Septic arthritis (SA) remains a potentially morbid disease in the pediatric population. Magnetic resonance imaging (MRI) is the most sensitive tool for recognizing associated osteomyelitis and intramuscular abscess, but is a limited resource. The aim of this study is to externally validate a previously developed algorithm (Rosenfeld and colleagues) to predict adjacent infection in pediatric patients diagnosed with SA. We identified 120 children under 16 with presumed SA presenting to a tertiary referral center between 2008 and 2018. Patients without confirmed SA, those with insufficient data, and patients who did not receive perioperative MRI were excluded, leaving 53 patients. The previous algorithm suggests that patient age (above 4 y), C-reactive protein (>8.9 mg/L), platelet count (<310×10cells/µL), duration of symptoms (>3 d), and absolute neutrophil count (>7.2×10cells/µL) are risk factors for adjacent infection, with 3 or more variables signifying a "positive" result. Comparing against the gold standard of MRI, the accuracy of the algorithm was validated in terms of sensitivity, specificity, likelihood ratio (LR), and positive and negative predictive value. Discrimination and calibration of this algorithm have been assessed using receiver operating curve analysis and calibration plots. The sensitivity and specificity of criteria from Rosenfeld algorithm were 73% and 44%, respectively.

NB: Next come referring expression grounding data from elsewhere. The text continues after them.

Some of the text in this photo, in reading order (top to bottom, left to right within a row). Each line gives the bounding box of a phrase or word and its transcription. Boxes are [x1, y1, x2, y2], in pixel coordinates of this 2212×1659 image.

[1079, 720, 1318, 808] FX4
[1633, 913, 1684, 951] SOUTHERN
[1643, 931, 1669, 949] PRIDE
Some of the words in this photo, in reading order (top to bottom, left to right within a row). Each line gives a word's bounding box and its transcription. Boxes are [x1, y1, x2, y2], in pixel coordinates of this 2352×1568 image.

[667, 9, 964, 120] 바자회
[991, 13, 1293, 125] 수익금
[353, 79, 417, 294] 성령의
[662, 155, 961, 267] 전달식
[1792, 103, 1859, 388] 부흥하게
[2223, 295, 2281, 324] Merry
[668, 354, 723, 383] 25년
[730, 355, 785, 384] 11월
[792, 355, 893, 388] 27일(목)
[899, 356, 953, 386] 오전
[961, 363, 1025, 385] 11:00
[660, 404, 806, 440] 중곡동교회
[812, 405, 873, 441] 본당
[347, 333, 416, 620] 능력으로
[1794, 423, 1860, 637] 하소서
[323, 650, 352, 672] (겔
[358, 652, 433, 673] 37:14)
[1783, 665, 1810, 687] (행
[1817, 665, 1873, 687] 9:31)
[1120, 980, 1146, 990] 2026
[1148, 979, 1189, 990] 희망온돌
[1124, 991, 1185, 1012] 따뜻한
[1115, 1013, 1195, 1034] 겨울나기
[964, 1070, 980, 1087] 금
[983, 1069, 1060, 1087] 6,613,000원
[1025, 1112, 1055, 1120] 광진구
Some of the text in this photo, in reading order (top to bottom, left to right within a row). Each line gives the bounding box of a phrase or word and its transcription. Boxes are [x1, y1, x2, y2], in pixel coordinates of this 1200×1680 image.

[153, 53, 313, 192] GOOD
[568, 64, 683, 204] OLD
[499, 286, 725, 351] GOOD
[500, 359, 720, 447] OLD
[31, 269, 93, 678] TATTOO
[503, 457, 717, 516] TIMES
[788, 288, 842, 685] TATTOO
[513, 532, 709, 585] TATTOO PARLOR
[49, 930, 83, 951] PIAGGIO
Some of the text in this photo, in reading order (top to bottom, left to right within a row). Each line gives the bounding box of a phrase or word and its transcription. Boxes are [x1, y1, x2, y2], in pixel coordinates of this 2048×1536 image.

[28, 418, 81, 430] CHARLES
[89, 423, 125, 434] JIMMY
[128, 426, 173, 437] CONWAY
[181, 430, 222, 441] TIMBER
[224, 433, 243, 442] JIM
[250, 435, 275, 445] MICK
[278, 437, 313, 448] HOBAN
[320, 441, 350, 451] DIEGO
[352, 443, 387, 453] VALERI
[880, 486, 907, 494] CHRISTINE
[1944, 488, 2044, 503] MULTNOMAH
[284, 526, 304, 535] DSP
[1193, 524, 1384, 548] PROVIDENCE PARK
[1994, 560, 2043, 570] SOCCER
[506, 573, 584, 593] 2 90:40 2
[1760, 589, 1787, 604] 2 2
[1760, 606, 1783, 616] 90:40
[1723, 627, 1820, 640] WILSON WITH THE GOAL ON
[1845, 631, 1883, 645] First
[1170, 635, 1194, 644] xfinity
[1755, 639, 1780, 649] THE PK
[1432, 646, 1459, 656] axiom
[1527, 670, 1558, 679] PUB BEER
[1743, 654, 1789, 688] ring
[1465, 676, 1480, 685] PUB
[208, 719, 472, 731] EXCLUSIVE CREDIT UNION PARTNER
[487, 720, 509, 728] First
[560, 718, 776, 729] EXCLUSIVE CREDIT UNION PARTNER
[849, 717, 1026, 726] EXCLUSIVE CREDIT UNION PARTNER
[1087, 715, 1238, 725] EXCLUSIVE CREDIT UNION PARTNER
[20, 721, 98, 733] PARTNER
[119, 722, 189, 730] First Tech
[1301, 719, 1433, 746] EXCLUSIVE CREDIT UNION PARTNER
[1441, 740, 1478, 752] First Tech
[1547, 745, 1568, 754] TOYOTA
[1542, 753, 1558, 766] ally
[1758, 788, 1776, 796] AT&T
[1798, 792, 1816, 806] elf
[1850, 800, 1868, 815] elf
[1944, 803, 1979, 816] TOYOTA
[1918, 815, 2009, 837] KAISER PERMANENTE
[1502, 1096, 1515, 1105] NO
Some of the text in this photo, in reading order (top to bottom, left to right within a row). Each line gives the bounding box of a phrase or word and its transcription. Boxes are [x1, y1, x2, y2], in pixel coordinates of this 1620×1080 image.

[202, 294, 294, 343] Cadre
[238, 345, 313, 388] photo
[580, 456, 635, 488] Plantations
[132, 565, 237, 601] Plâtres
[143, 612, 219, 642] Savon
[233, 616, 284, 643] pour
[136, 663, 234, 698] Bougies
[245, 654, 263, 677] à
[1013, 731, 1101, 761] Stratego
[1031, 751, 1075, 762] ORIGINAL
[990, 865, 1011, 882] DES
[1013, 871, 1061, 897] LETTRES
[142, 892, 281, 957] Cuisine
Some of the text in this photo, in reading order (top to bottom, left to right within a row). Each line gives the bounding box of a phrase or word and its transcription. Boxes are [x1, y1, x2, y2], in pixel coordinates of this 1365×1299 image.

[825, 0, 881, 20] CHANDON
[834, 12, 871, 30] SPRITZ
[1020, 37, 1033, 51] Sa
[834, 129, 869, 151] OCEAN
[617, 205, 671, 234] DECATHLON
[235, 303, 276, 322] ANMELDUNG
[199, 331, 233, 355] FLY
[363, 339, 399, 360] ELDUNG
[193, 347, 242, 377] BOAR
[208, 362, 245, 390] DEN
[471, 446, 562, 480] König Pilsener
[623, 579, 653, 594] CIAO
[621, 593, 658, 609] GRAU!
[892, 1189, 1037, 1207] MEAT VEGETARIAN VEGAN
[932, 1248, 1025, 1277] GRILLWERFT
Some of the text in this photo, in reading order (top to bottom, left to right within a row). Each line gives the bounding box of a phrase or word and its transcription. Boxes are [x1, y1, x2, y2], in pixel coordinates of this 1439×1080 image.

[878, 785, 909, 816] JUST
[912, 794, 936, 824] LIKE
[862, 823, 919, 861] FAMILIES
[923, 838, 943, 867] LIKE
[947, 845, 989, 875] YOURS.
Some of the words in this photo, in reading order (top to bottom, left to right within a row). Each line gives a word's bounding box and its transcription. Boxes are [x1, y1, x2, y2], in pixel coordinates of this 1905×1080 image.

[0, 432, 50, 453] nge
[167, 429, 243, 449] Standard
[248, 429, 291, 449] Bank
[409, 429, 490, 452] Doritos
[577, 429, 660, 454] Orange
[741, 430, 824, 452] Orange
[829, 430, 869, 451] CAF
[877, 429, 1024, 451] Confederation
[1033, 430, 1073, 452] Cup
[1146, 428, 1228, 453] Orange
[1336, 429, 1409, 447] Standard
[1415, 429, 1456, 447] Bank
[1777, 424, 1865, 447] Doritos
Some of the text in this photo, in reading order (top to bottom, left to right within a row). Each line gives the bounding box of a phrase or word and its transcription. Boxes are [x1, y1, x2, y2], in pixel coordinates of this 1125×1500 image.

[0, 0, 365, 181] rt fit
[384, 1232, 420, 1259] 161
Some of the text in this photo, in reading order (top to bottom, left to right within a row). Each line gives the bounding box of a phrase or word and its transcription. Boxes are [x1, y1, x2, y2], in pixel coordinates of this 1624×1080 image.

Receiver operating curve showed poor discrimination [area under the curve=0.54, confidence interval (CI): 0.26-0.83]. The positive predictive value was 55.9% and the negative predictive value was 63.1% with LR +1.23 (CI: 0.87-1.98) and LR -0.61 (CI 0.28-1.30). Only 53% of patients with 4 or more criteria had an adjacent infection on MRI. Examining our cohort, children with a positive MRI finding had higher mean C-reactive protein (77 vs. 122 mg/L, P=0.04) and were more likely to have waited >72 hours days between symptom onset and hospital presentation (P=0.03). Although treatment algorithms are an attractive tool to guide clinicians and resource allocation, they need to take into account the local population characteristics before routine implementation. Level IV-retrospective cohort study.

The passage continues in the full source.